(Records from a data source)
=====

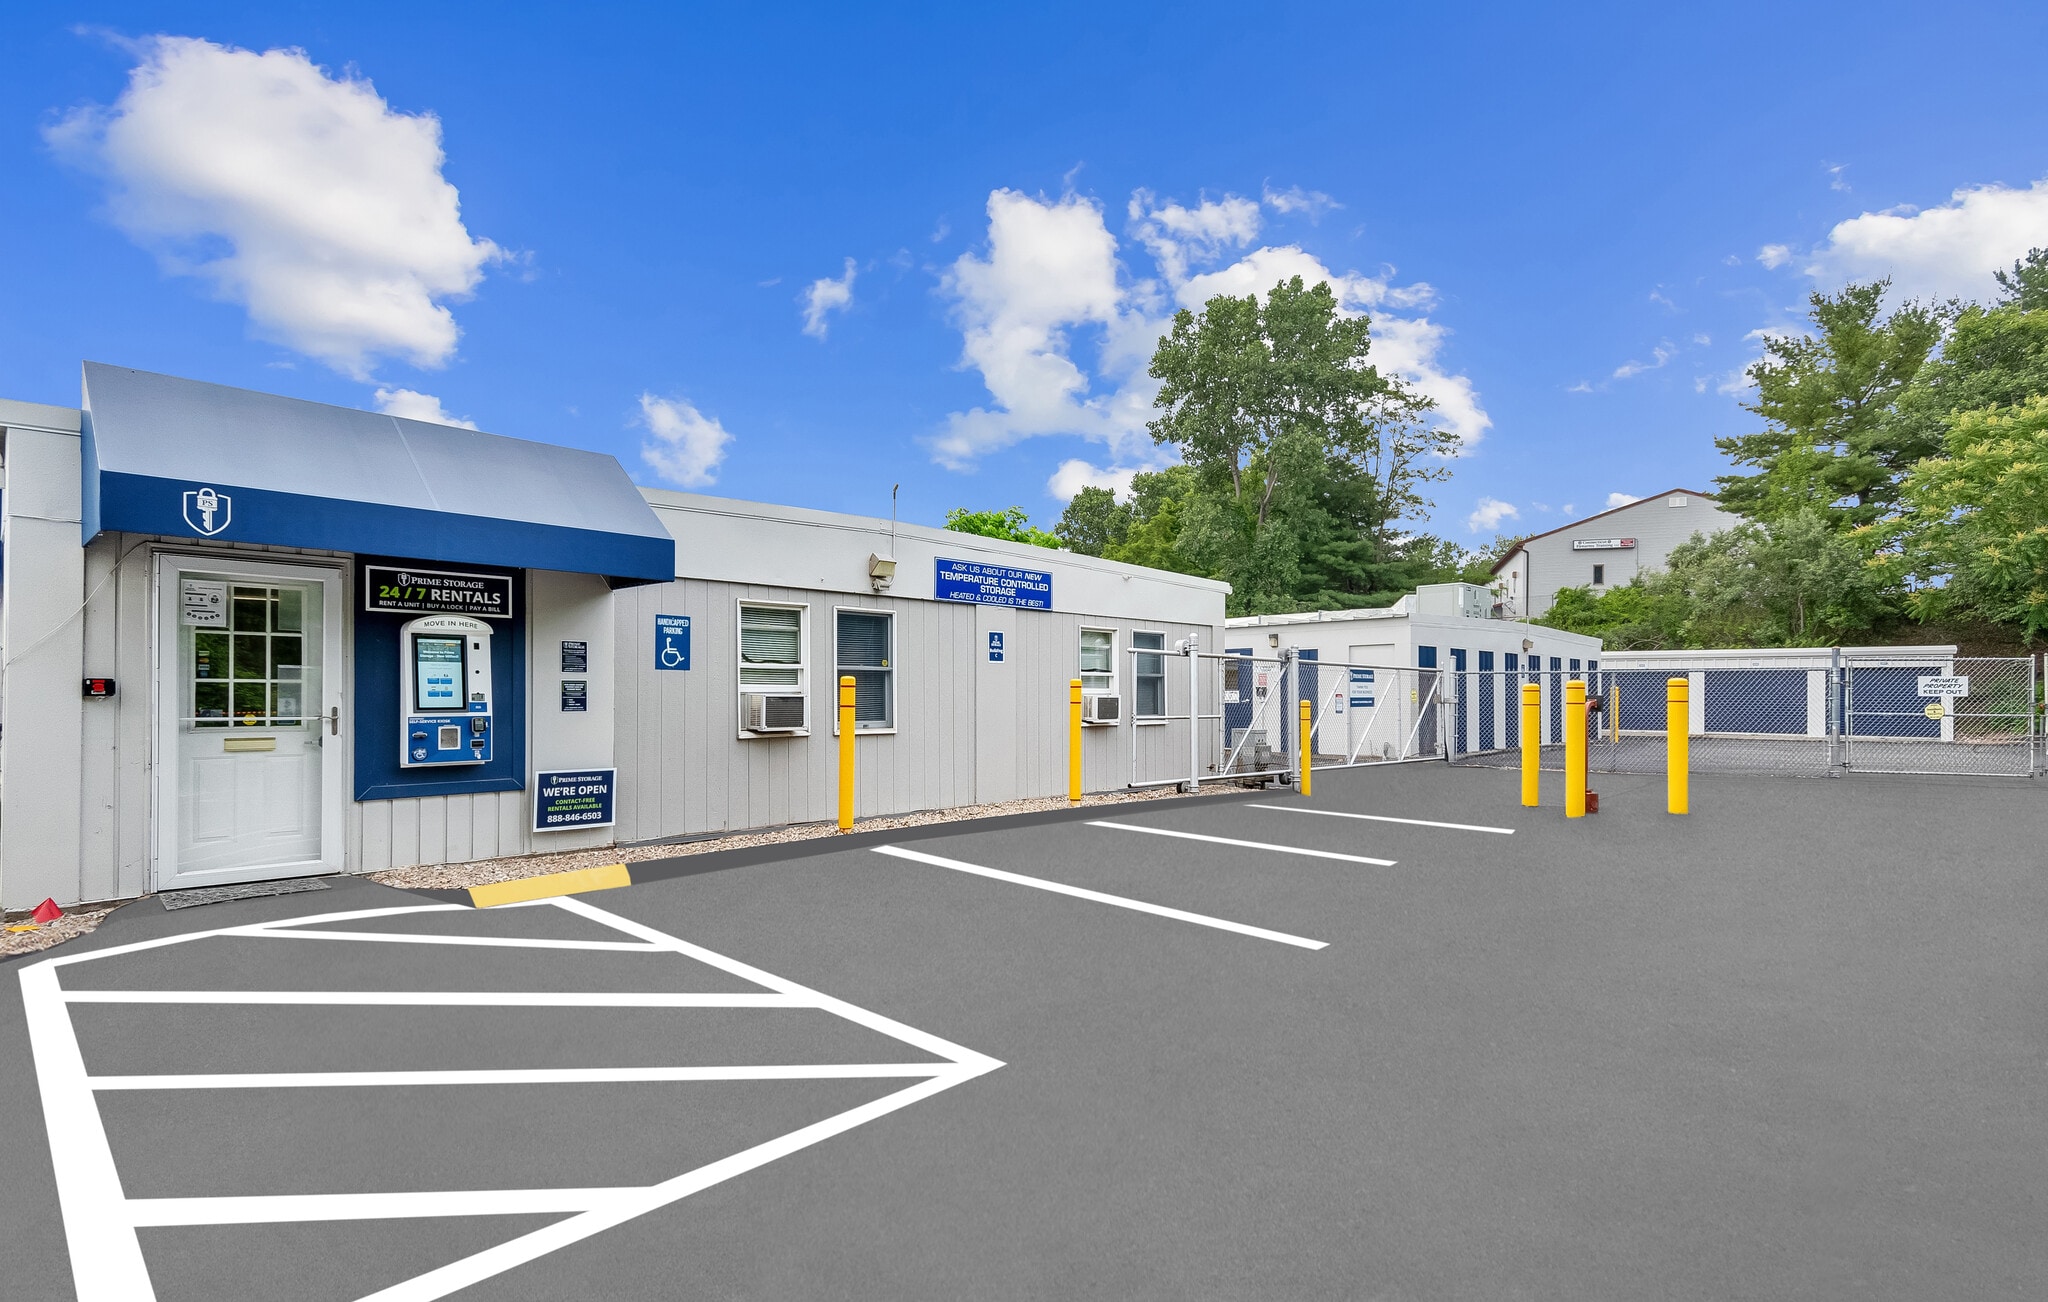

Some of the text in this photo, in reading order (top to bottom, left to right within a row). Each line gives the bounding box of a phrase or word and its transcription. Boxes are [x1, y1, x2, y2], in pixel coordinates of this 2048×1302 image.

[952, 563, 967, 572] ASK
[982, 567, 1006, 577] ABOUT
[1008, 570, 1022, 578] OUR
[1024, 573, 1042, 581] NEW
[411, 576, 484, 589] PRIME STORAGE
[940, 571, 1048, 592] TEMPERATURE CONTROLLED
[431, 589, 501, 604] RENTALS
[980, 586, 1016, 597] STORAGE
[950, 591, 974, 600] HEATED
[983, 594, 1007, 604] COOLED
[459, 621, 478, 629] HERE
[657, 618, 689, 626] HANDICAPPED
[663, 627, 683, 635] PARKING
[543, 785, 607, 797] WE'RE OPEN
[555, 797, 595, 805] CONTACT-FREE
[547, 812, 602, 823] 888-846-6503
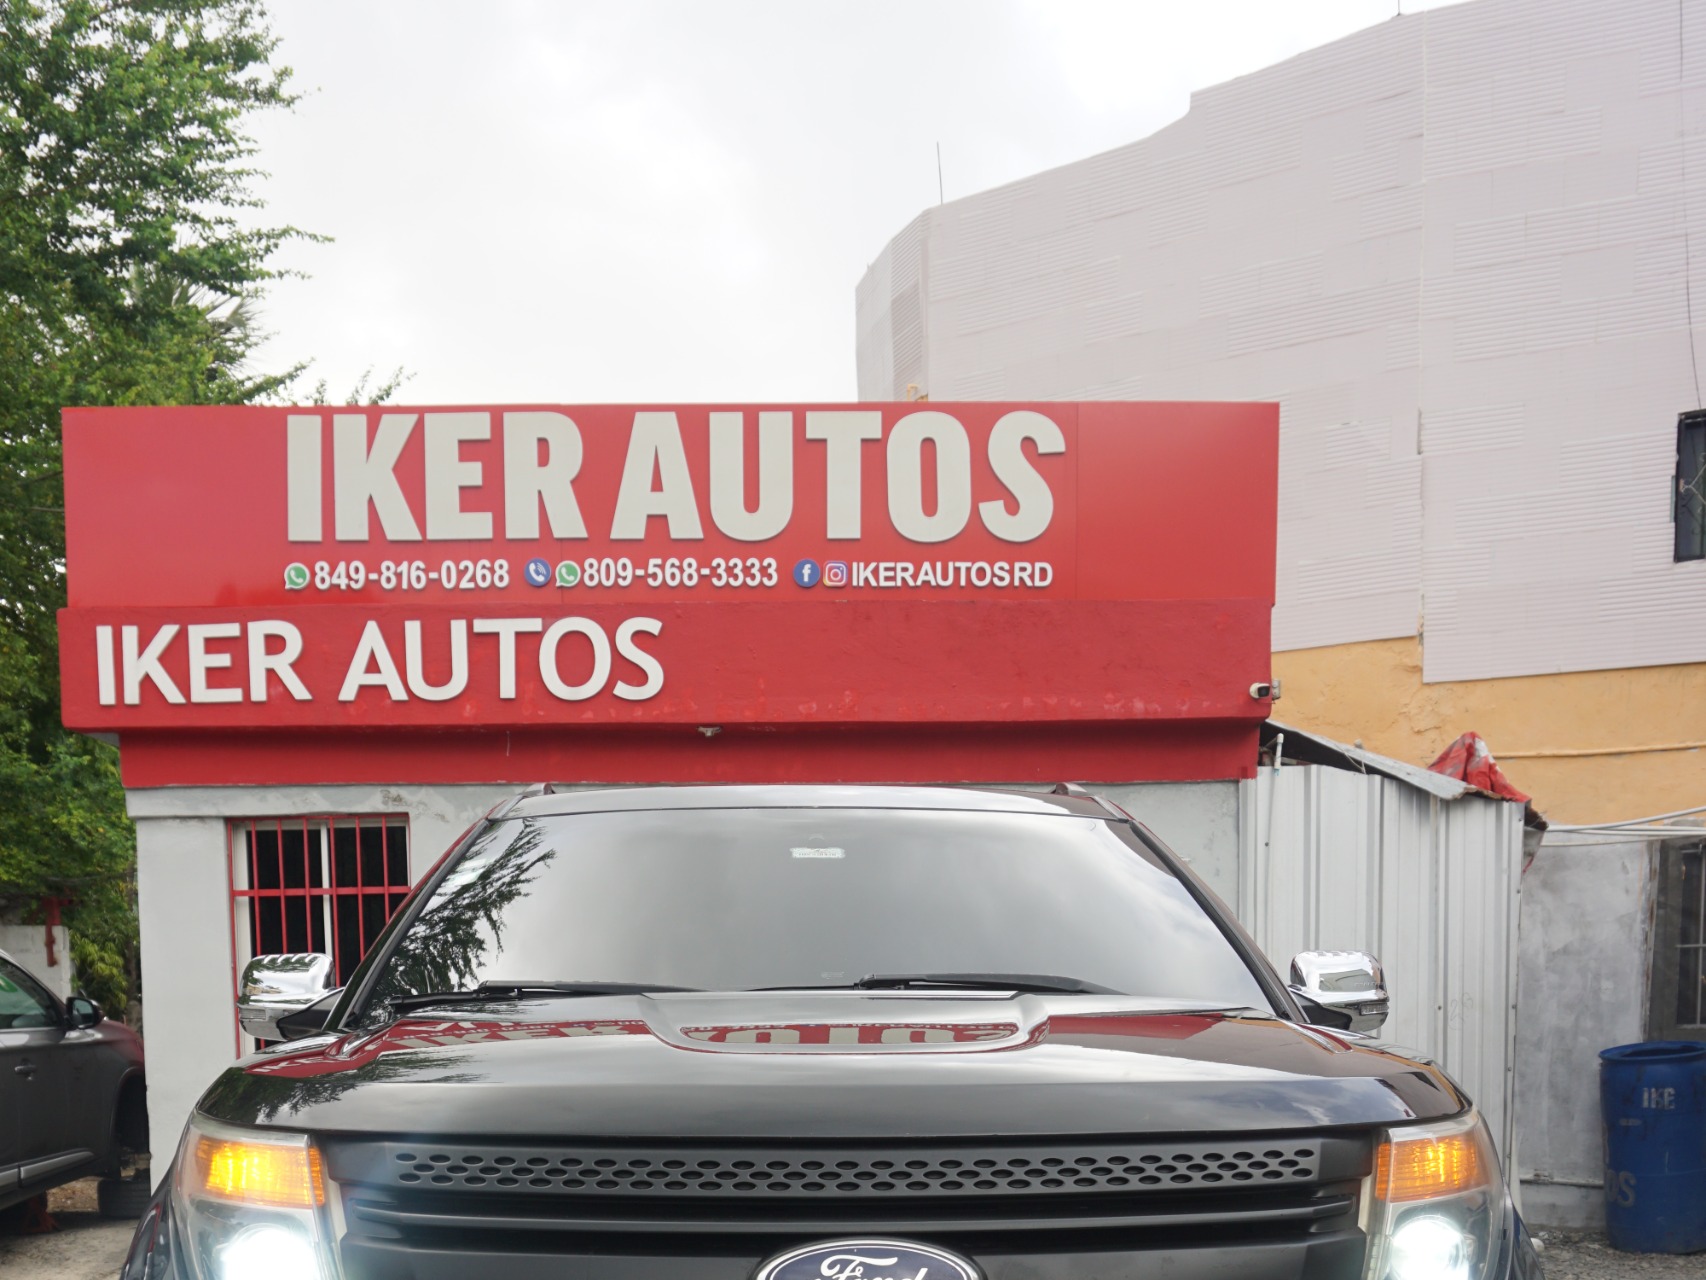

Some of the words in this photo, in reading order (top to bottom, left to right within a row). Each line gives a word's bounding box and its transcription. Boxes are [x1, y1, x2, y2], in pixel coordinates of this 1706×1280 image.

[287, 411, 588, 542] IKER
[609, 410, 1067, 543] AUTOS
[314, 558, 510, 590] 849-816-0268
[583, 557, 779, 589] 809-568-3333
[96, 619, 313, 706] IKER
[338, 616, 665, 702] AUTOS
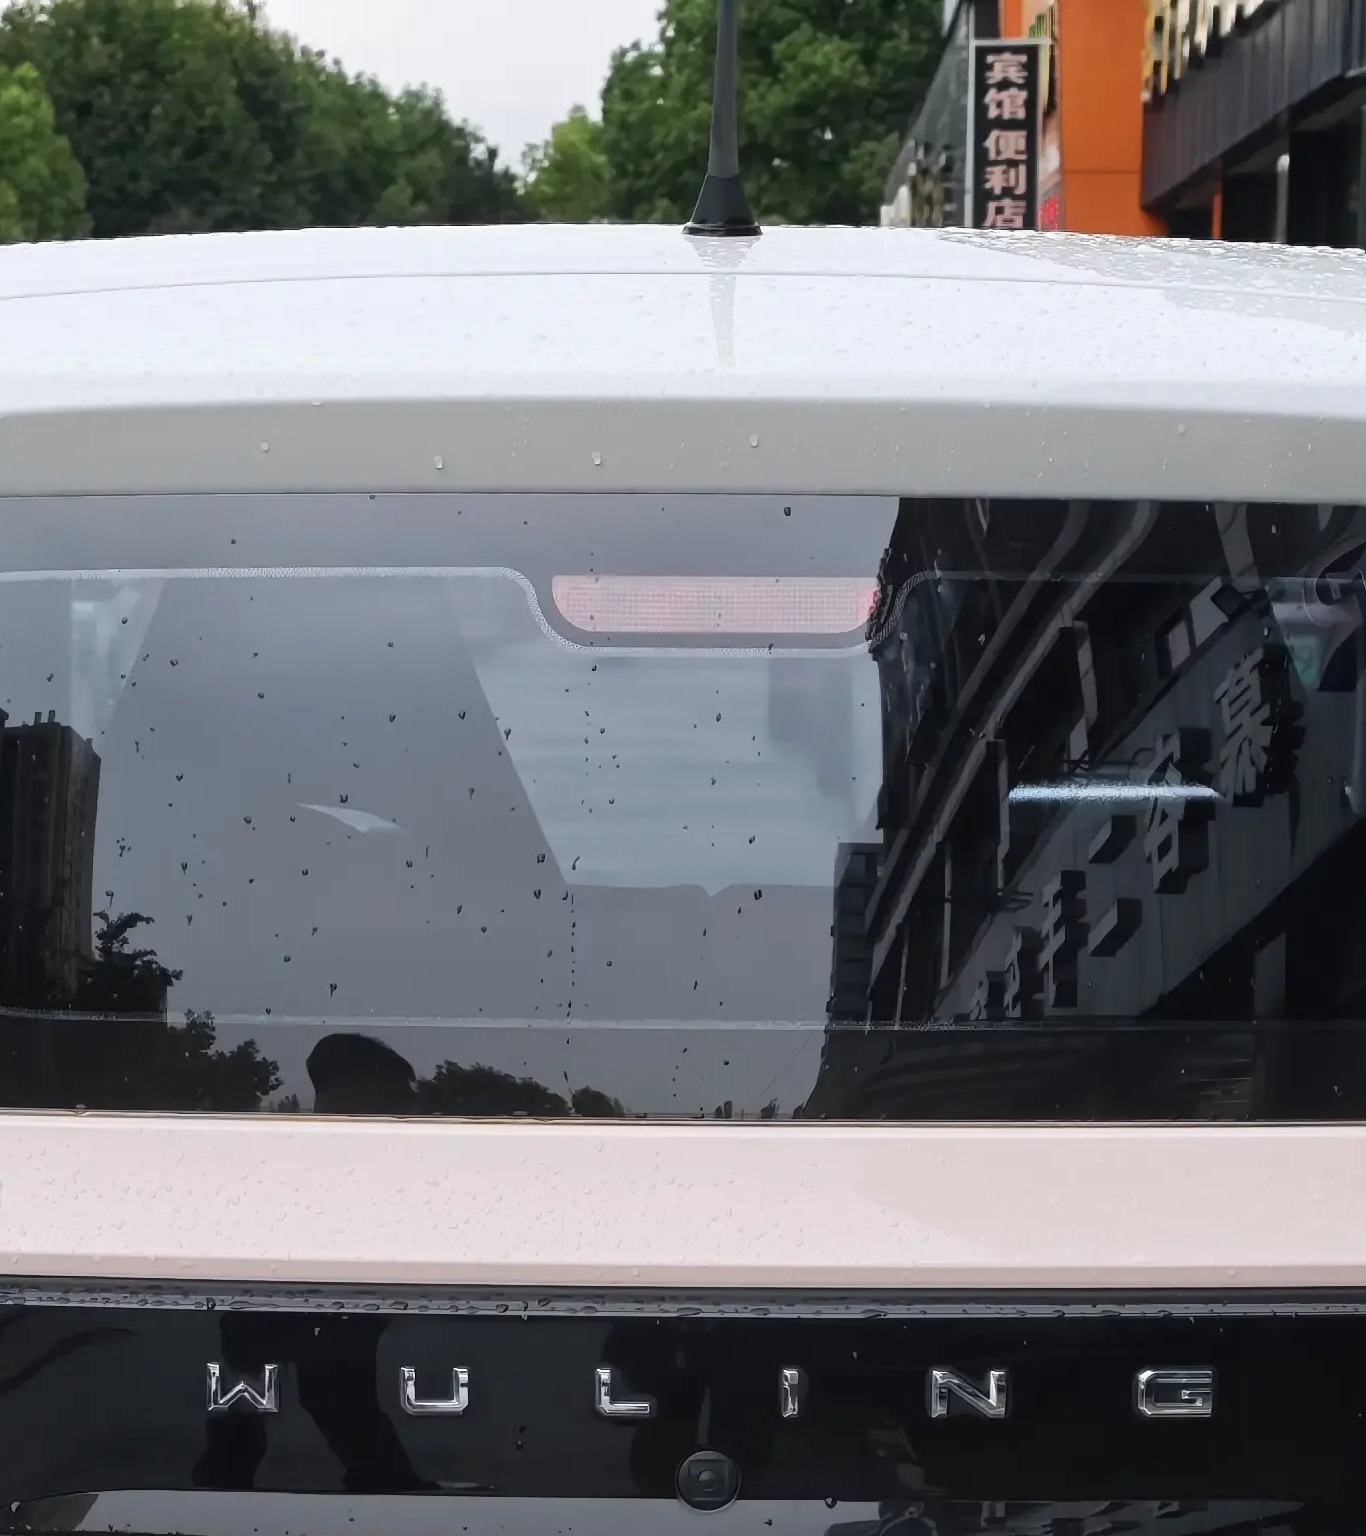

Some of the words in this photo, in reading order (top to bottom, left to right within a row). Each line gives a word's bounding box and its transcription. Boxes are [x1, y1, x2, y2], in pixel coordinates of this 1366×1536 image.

[981, 52, 1028, 229] 宾馆便利店
[206, 1361, 1214, 1420] WULING

=====

_Exercise requirements_
Leave every picture out. Retype the remaining data exactly.

_Exercise response_
Some of the text in this photo, in reading order (top to bottom, left to right within a row). Each line gives the bounding box of a phrase or word and its transcription. Boxes are [x1, y1, x2, y2], in pixel coordinates of this 2048×1302 image.

[952, 563, 967, 572] ASK
[982, 567, 1006, 577] ABOUT
[1008, 570, 1022, 578] OUR
[1024, 573, 1042, 581] NEW
[411, 576, 484, 589] PRIME STORAGE
[940, 571, 1048, 592] TEMPERATURE CONTROLLED
[431, 589, 501, 604] RENTALS
[980, 586, 1016, 597] STORAGE
[950, 591, 974, 600] HEATED
[983, 594, 1007, 604] COOLED
[459, 621, 478, 629] HERE
[657, 618, 689, 626] HANDICAPPED
[663, 627, 683, 635] PARKING
[543, 785, 607, 797] WE'RE OPEN
[555, 797, 595, 805] CONTACT-FREE
[547, 812, 602, 823] 888-846-6503

Some of the words in this photo, in reading order (top to bottom, left to right within a row). Each line gives a word's bounding box and its transcription. Boxes are [x1, y1, x2, y2], in pixel coordinates of this 1706×1280 image.

[287, 411, 588, 542] IKER
[609, 410, 1067, 543] AUTOS
[314, 558, 510, 590] 849-816-0268
[583, 557, 779, 589] 809-568-3333
[96, 619, 313, 706] IKER
[338, 616, 665, 702] AUTOS

Some of the words in this photo, in reading order (top to bottom, left to right within a row). Each line gives a word's bounding box and its transcription. Boxes are [x1, y1, x2, y2], in pixel coordinates of this 1366×1536 image.

[981, 52, 1028, 229] 宾馆便利店
[206, 1361, 1214, 1420] WULING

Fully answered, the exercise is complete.